(February 14, 2013 at 10:22 am)AtlasS Wrote: I agree with you.
One problem is that the concept of science itself is not understood probably by many people. Science is the studying of a natural phenomena, its core but not its reason or why it behaves like that.
The atom is the best example. Until this day nobody would answer you -scientifically- why the atom exists, why it behaves like that. Nobody would also tell you why the human heart beats, why that electricity is there.
http://circ.ahajournals.org/content/113/23/2775.full
Ahh, the old god of the gaps argument: we don't know yet, therefore god. That's nice and flawed.
Quote:It is why I believe that the issue of god is something that a human must solve with his/her own mind without any kind of prior feelings or emotions about the subject.
I have difficulty envisioning a person like that. Not all of us can be total amnesiacs, after all.
![Tongue Tongue](https://atheistforums.org/images/smilies/tongue.gif)

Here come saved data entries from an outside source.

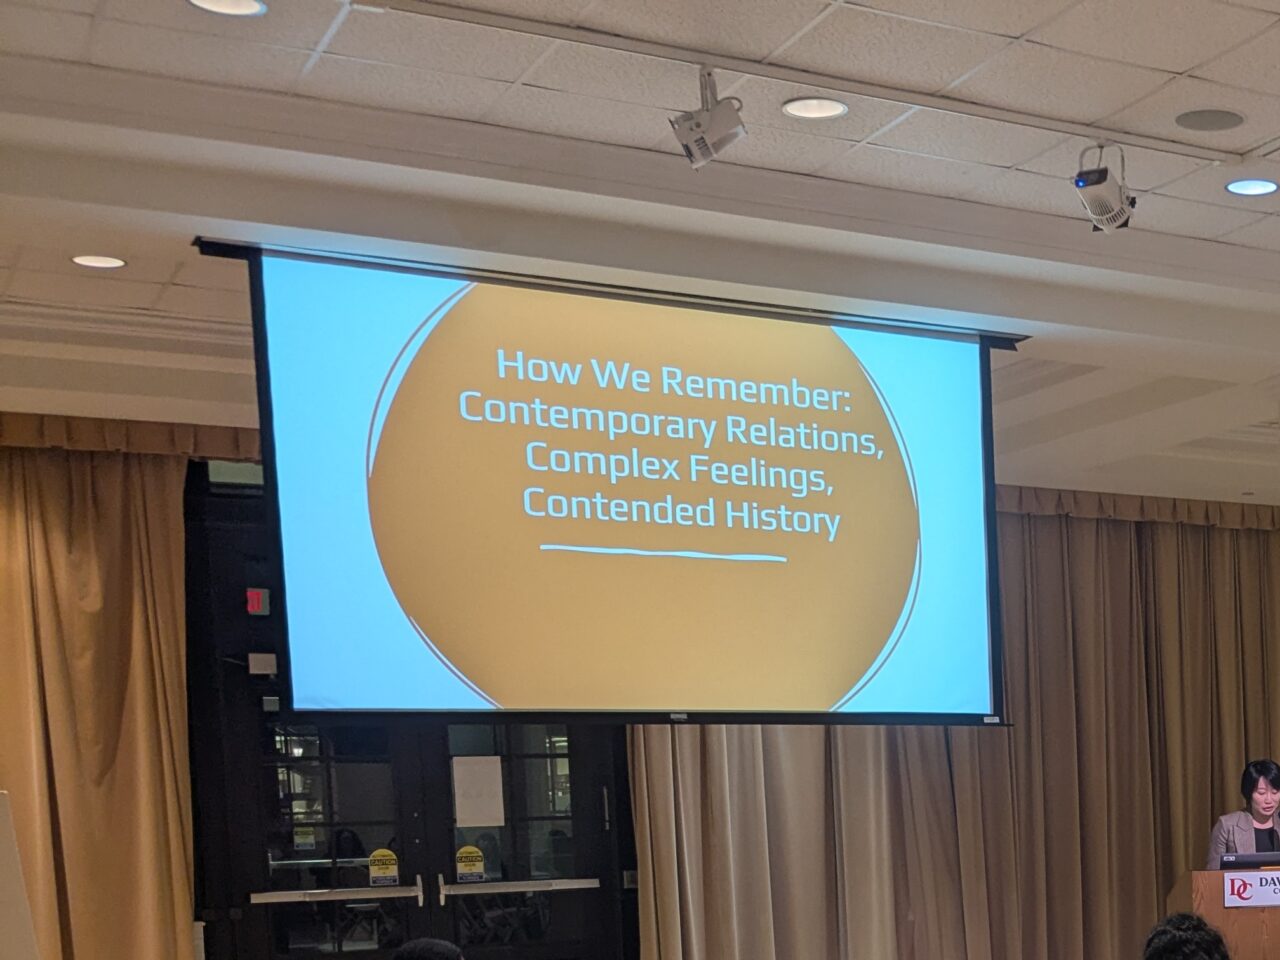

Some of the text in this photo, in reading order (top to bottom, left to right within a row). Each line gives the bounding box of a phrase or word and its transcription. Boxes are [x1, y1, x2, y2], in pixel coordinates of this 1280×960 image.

[497, 348, 853, 413] How We Remember:
[459, 390, 885, 461] Contemporary Relations,
[526, 441, 834, 499] Complex Feelings,
[523, 486, 841, 542] Contended History
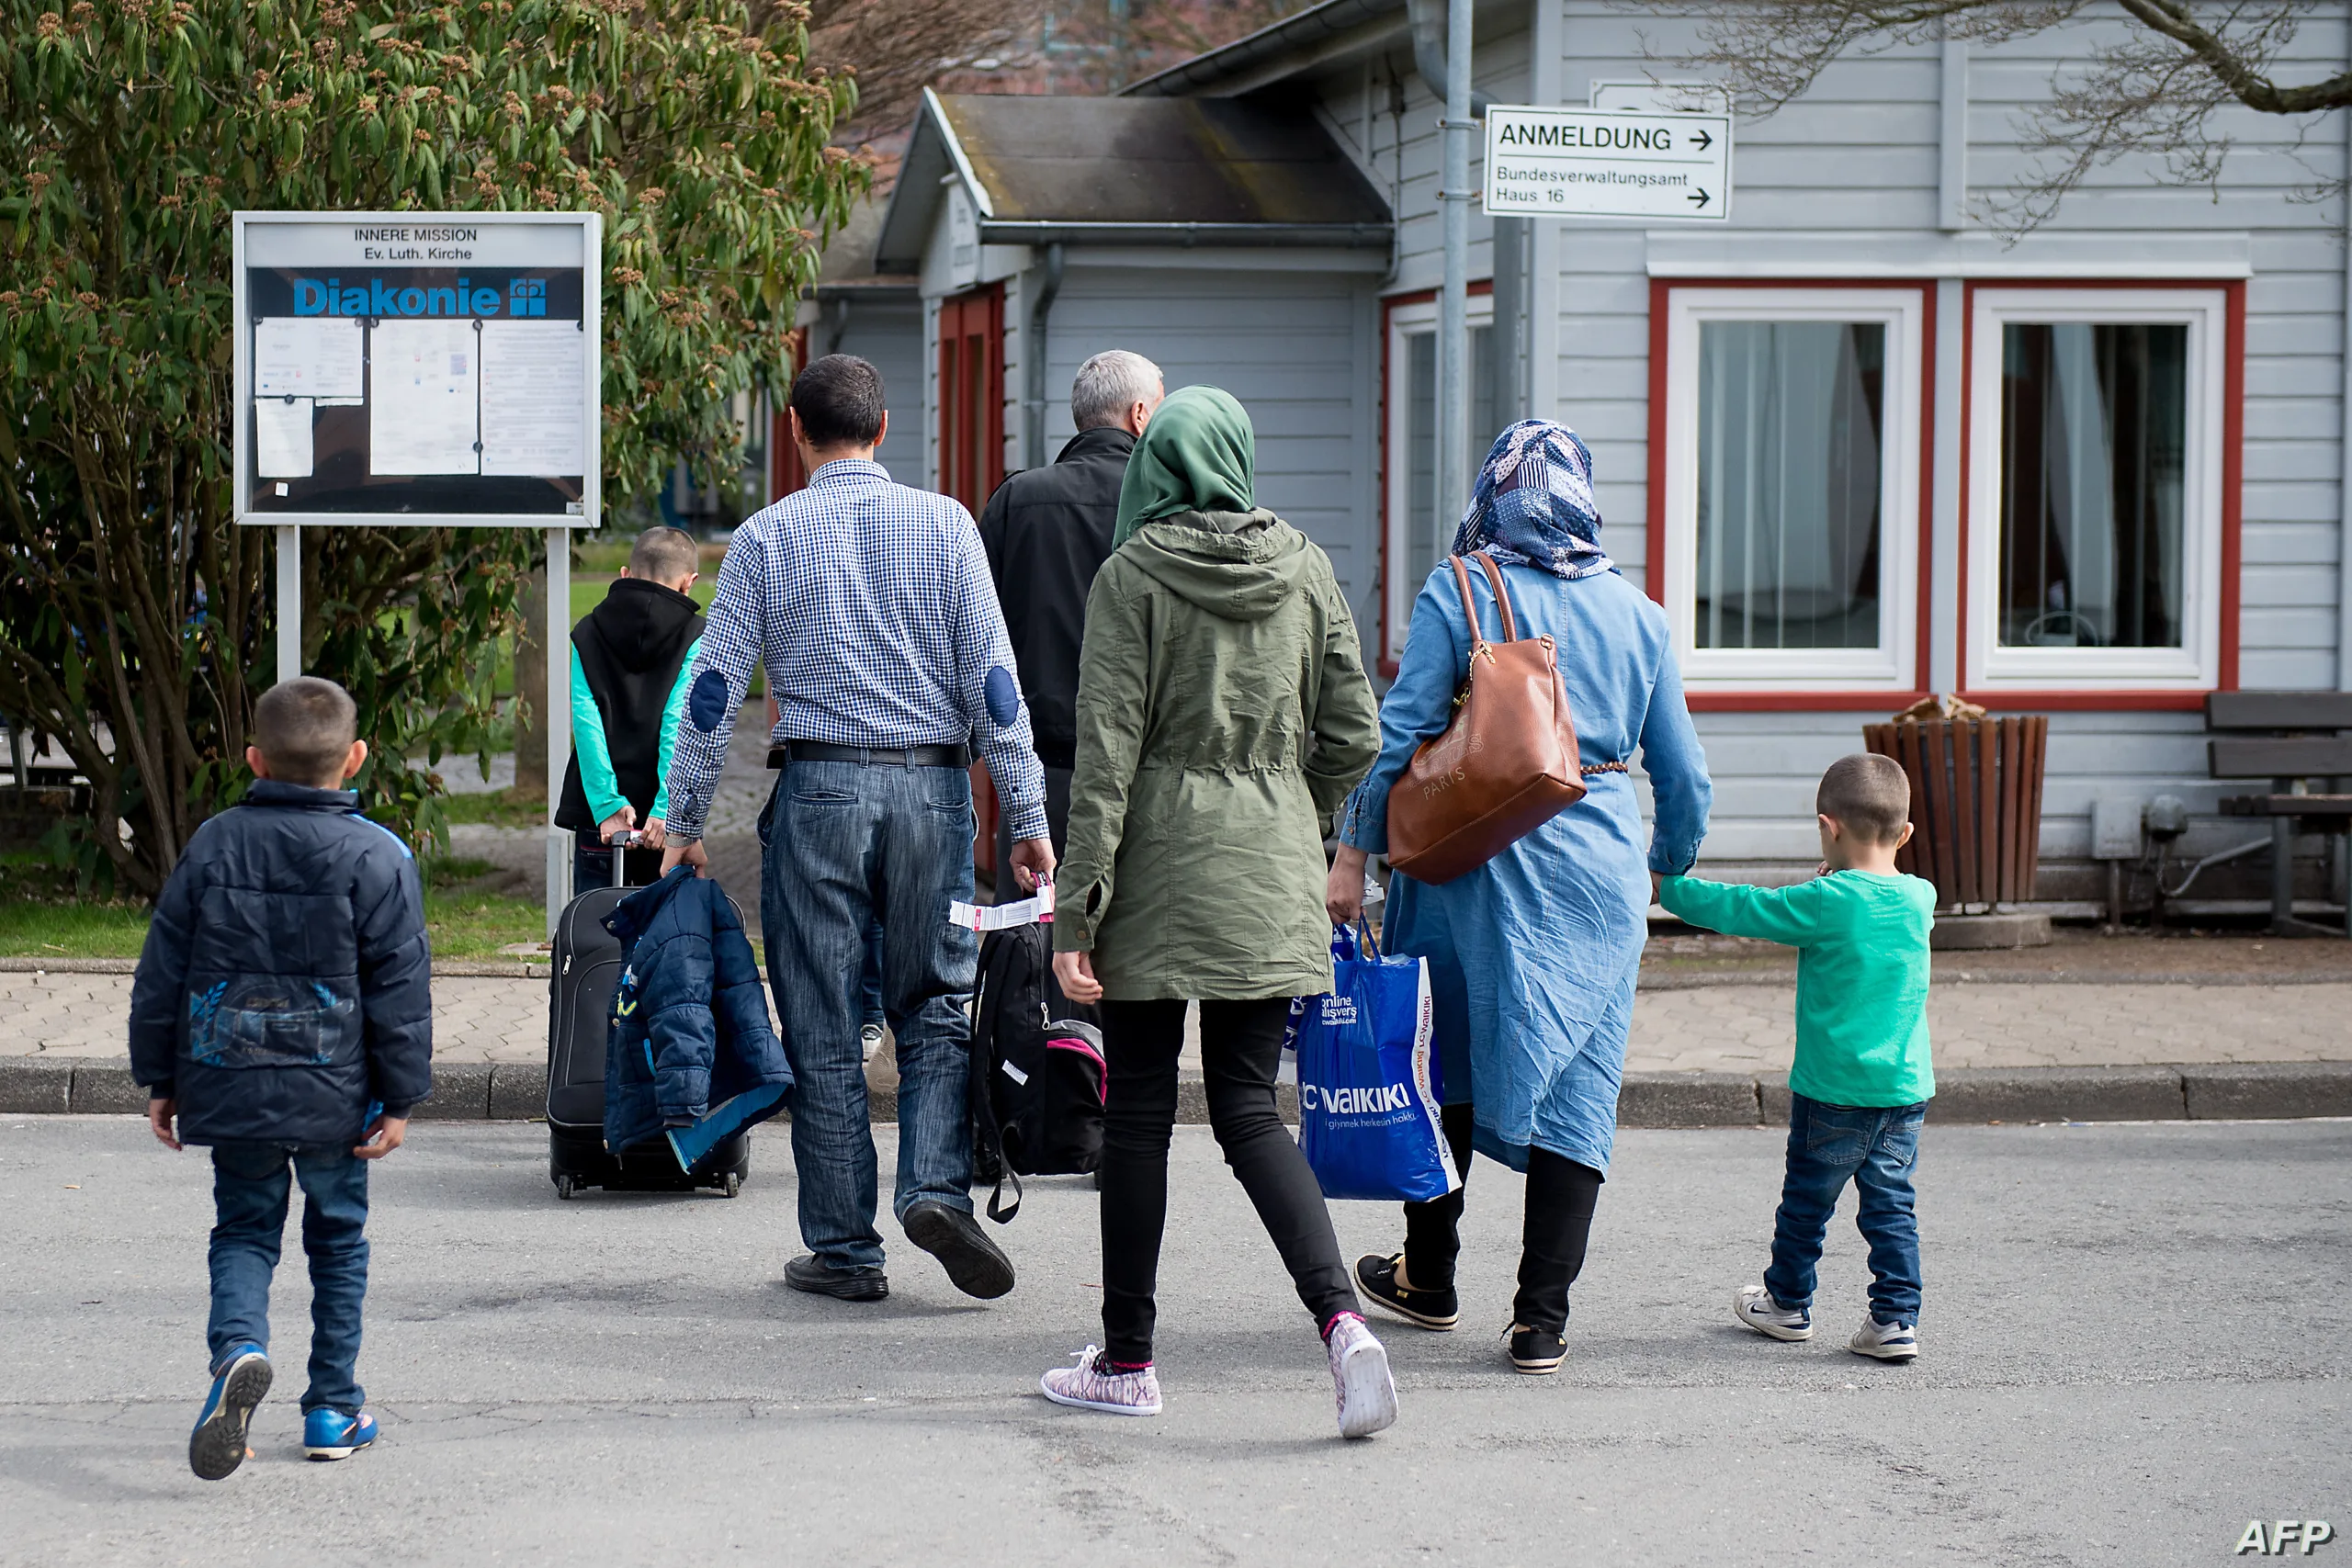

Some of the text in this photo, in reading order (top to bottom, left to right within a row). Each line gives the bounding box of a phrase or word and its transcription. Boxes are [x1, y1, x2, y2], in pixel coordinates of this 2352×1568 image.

[1499, 124, 1671, 151] ANMELDUNG
[1497, 166, 1689, 187] Bundesverwaltungsamt
[1496, 186, 1564, 203] Haus 16
[354, 229, 477, 242] INNERE MISSION
[364, 248, 472, 260] Ev. Luth. Kirche
[293, 277, 501, 316] Diakonie
[1423, 766, 1465, 800] PARIS
[1321, 995, 1351, 1008] online

Quote:When I came back to my religion, I remember starting to read by myself without any external intervention. Eventually it would all go to your logic, what you want and what you think about the world.

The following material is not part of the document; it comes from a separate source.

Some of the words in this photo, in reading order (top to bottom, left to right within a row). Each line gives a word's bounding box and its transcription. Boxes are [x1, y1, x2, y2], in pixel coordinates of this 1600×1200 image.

Except that reality is independent of what you personally want, and what you think. Sometimes those things can match up, but not always.
Quote:It is above conventional reason. And I'm a person who believes in science in any other field. But in this one pricelessly : science is not the best approach to prove god.
I can't help but wonder if you'd be saying that if science could prove what you want it to prove.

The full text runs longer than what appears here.